Description of the task -
All of the data that follows should be retyped exactly, please, except the pictures.

Data section -
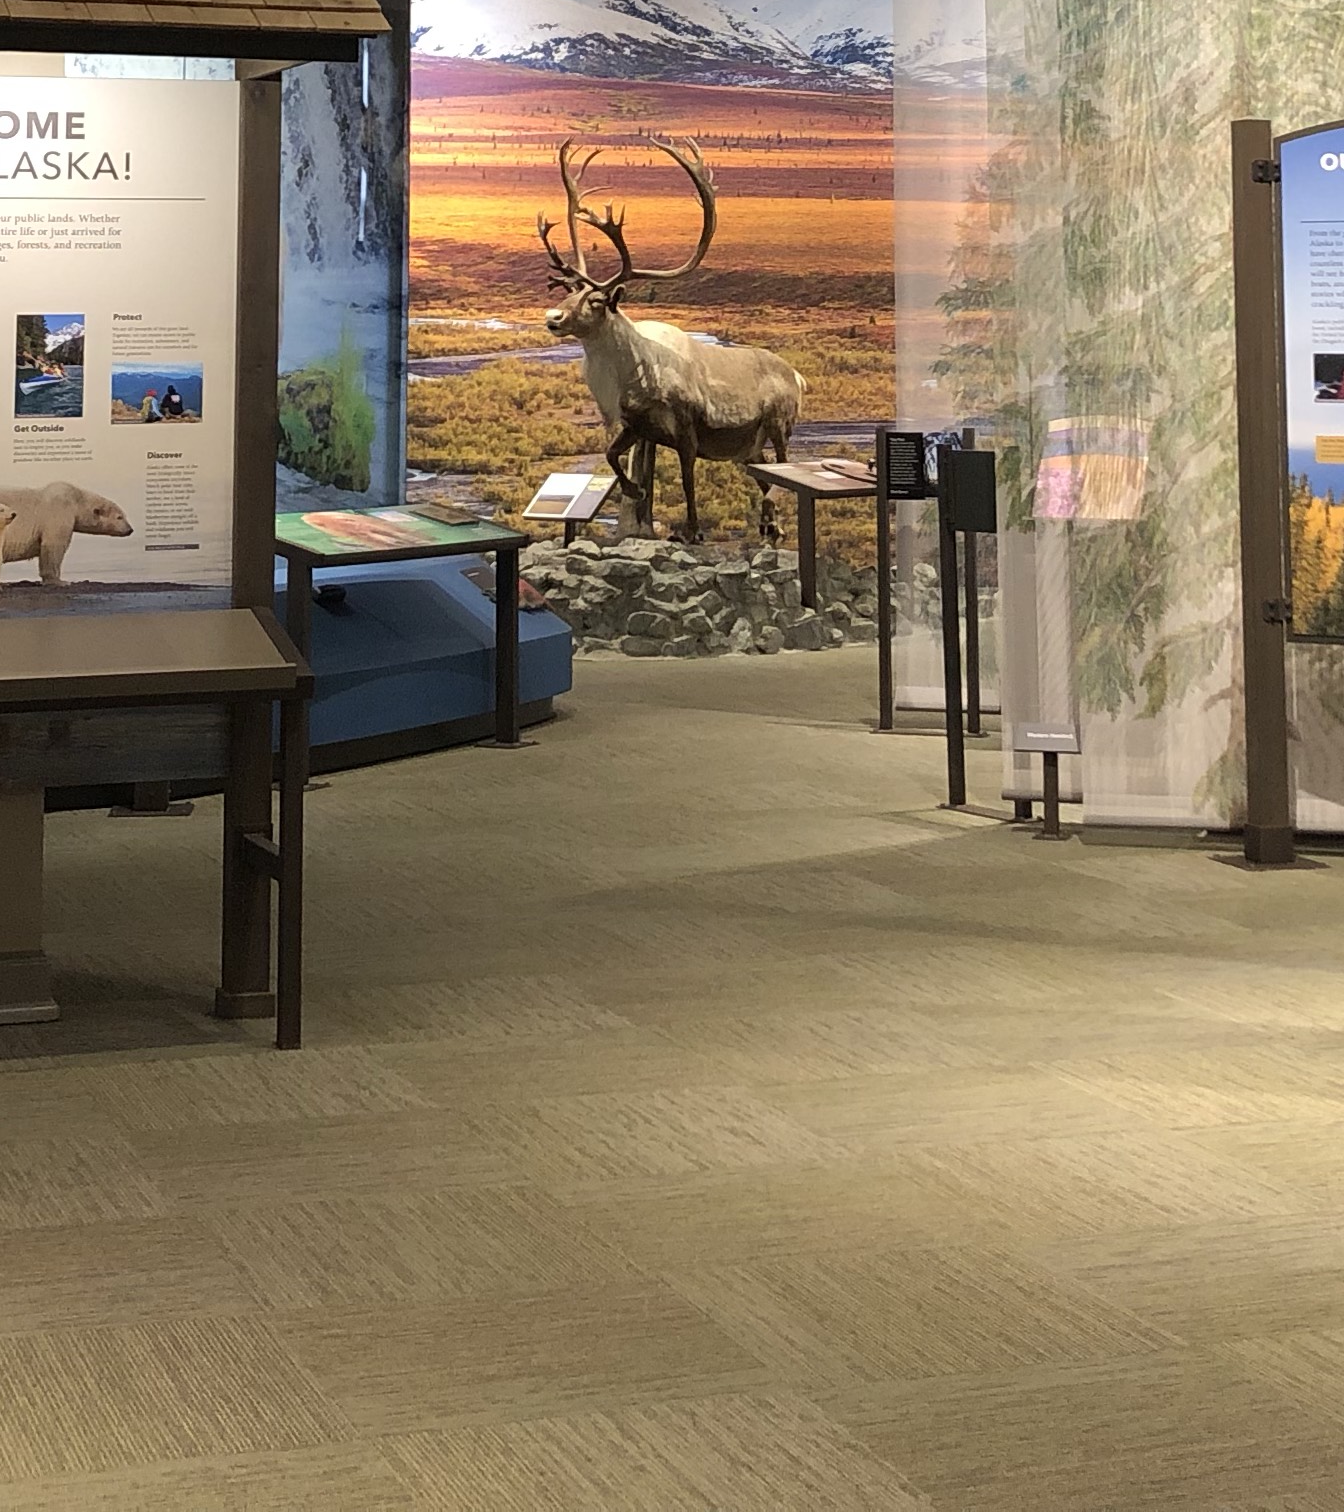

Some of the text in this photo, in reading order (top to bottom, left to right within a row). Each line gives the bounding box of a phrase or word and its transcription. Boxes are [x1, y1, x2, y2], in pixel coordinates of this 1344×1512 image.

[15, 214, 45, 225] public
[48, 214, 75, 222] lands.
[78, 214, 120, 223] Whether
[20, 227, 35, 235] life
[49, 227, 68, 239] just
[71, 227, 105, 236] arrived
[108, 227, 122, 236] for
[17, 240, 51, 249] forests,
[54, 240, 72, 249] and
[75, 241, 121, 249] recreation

Answer below -
Some of the text in this photo, in reading order (top to bottom, left to right within a row). Each line gives the bounding box of a phrase or word and its transcription. Boxes are [x1, y1, x2, y2], in pixel coordinates of this 1344×1512 image.

[15, 214, 45, 225] public
[48, 214, 75, 222] lands.
[78, 214, 120, 223] Whether
[20, 227, 35, 235] life
[49, 227, 68, 239] just
[71, 227, 105, 236] arrived
[108, 227, 122, 236] for
[17, 240, 51, 249] forests,
[54, 240, 72, 249] and
[75, 241, 121, 249] recreation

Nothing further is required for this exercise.